• _Goal of the exercise_
Down to the last line, print the data that follows exactly, without its pictures.
BEGIN
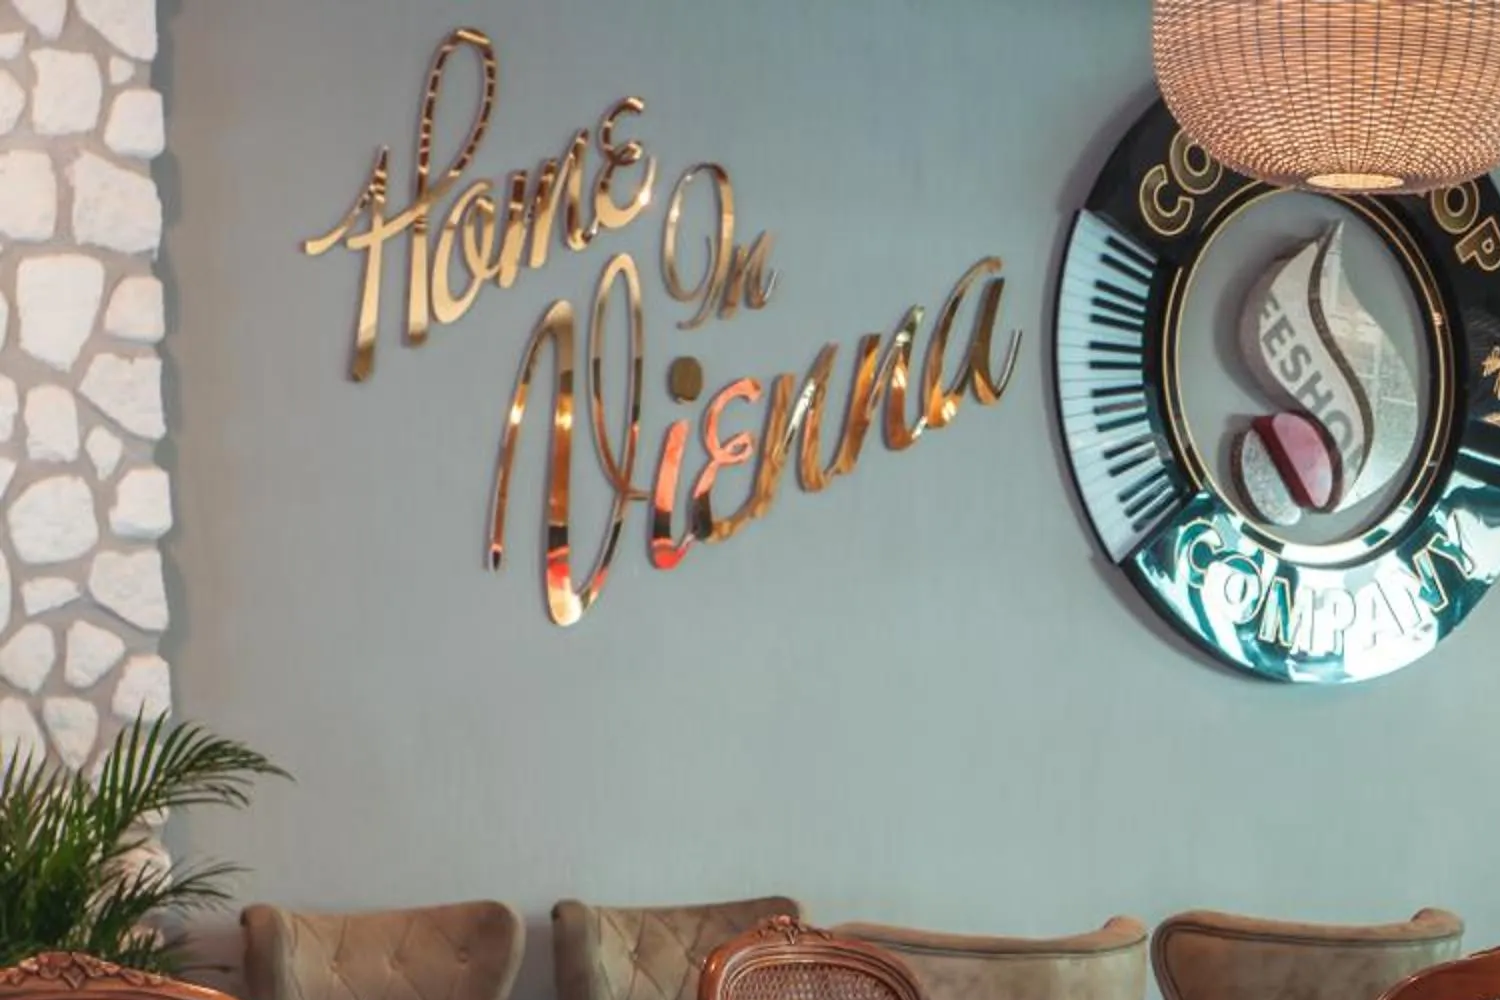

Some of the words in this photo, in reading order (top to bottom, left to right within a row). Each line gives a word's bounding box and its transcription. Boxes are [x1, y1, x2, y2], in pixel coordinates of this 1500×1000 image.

[300, 27, 656, 383] Home
[486, 253, 1023, 627] Vienna
[1174, 511, 1475, 656] COMPANY
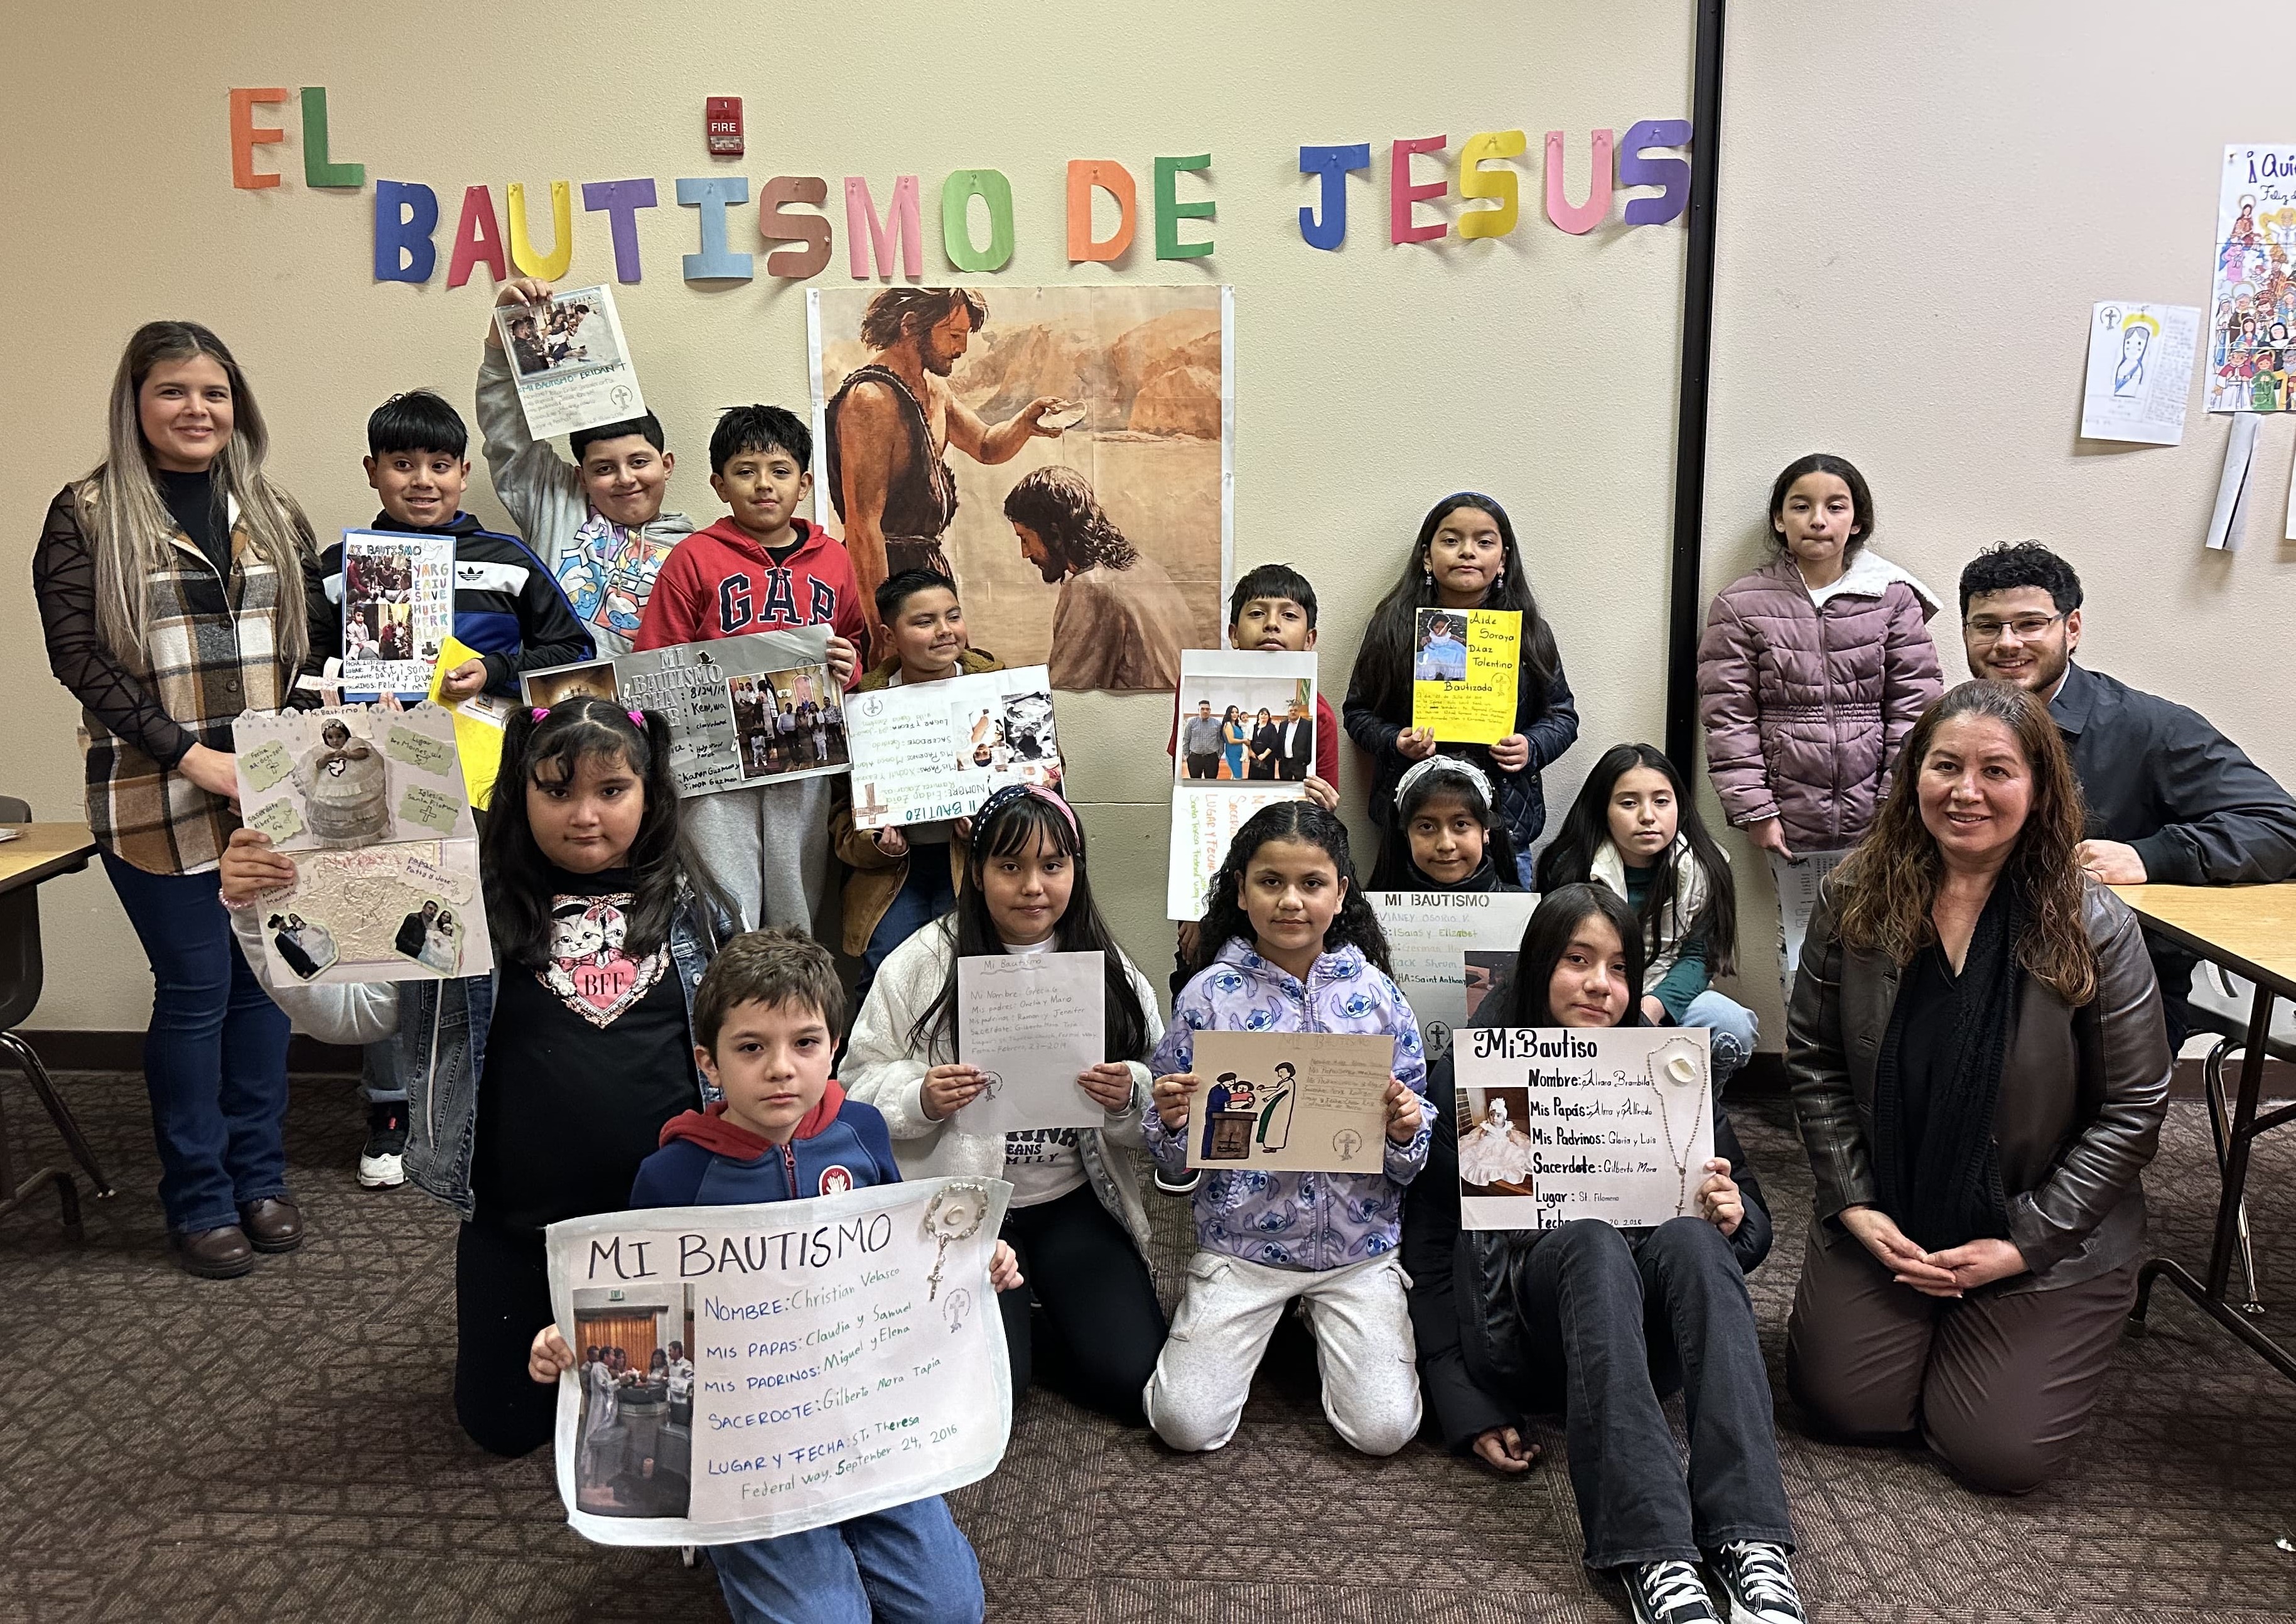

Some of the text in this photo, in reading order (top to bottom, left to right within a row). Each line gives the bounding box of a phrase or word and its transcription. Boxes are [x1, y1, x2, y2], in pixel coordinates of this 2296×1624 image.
END
• _Expected output_
Some of the words in this photo, in reading order (top to bottom, left to right within a row). Each line gives a word's bounding box and its transcription. Boxes are [x1, y1, x2, y2], in pixel coordinates of this 1500×1000 image.

[300, 27, 656, 383] Home
[486, 253, 1023, 627] Vienna
[1174, 511, 1475, 656] COMPANY

Some of the text in this photo, in reading order (top to bottom, left to right within a row). Each line gives the bounding box of a phrase or word and its transcription. Boxes are [x1, y1, x2, y2], in pixel coordinates of this 2296×1624 image.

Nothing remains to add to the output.